🤖 AI Summary
To address insufficient uncertainty modeling and unreliable validation in autonomous vehicle trajectory prediction under complex traffic scenarios, this paper proposes a modular uncertainty prediction framework. Methodologically: (1) we design an end-to-end differentiable probabilistic heatmap predictor for context-aware occupancy grid modeling; (2) we introduce a decoupled encoder-decoder architecture enabling independent module training and flexible composition; and (3) we establish a high-risk robustness verification system grounded in principled uncertainty metrics. Compared to end-to-end baselines, our framework achieves faster training convergence and enhanced stability. It supports zero-shot cross-scenario transfer without full-model retraining and significantly improves both trajectory prediction reliability and uncertainty quantification accuracy—particularly in challenging interactive driving scenarios.
📝 Abstract
We propose a modular modeling framework designed to enhance the capture and validation of uncertainty in autonomous vehicle (AV) trajectory prediction.

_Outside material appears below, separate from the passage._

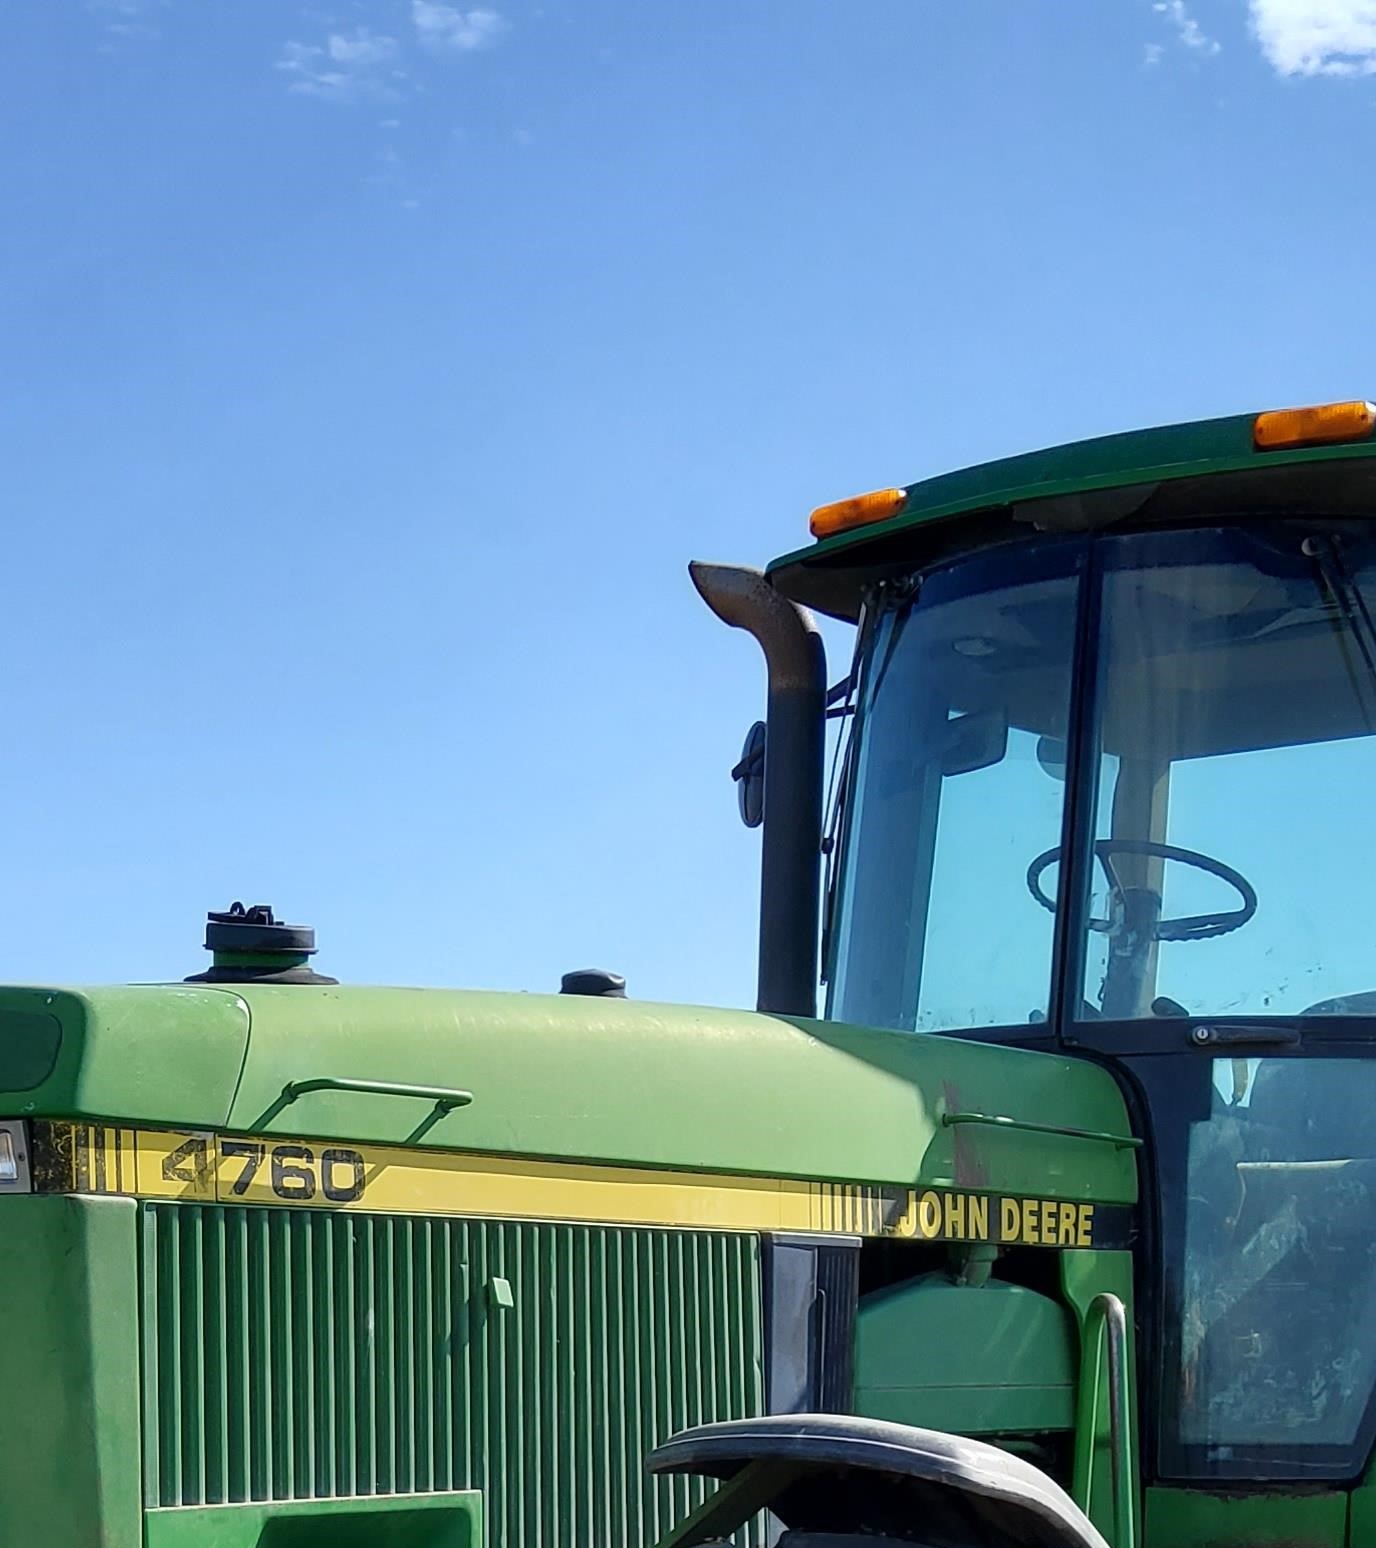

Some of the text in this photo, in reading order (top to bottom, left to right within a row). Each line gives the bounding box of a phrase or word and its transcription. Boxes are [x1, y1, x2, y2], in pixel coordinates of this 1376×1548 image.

Departing from traditional deterministic methods, our approach employs a flexible, end-to-end differentiable probabilistic encoder-decoder architecture. This modular design allows the encoder and decoder to be trained independently, enabling seamless adaptation to diverse traffic scenarios without retraining the entire system. Our key contributions include: (1) a probabilistic heatmap predictor that generates context-aware occupancy grids for dynamic forecasting, (2) a modular training approach that supports independent component training and flexible adaptation, and (3) a structured validation scheme leveraging uncertainty metrics to evaluate robustness under high-risk conditions. To highlight the benefits of our framework, we benchmark it against an end-to-end baseline, demonstrating faster convergence, improved stability, and flexibility. Experimental results validate these advantages, showcasing the capacity of the framework to efficiently handle complex scenarios while ensuring reliable predictions and robust uncertainty representation. This modular design offers significant practical utility and scalability for real-world autonomous driving applications.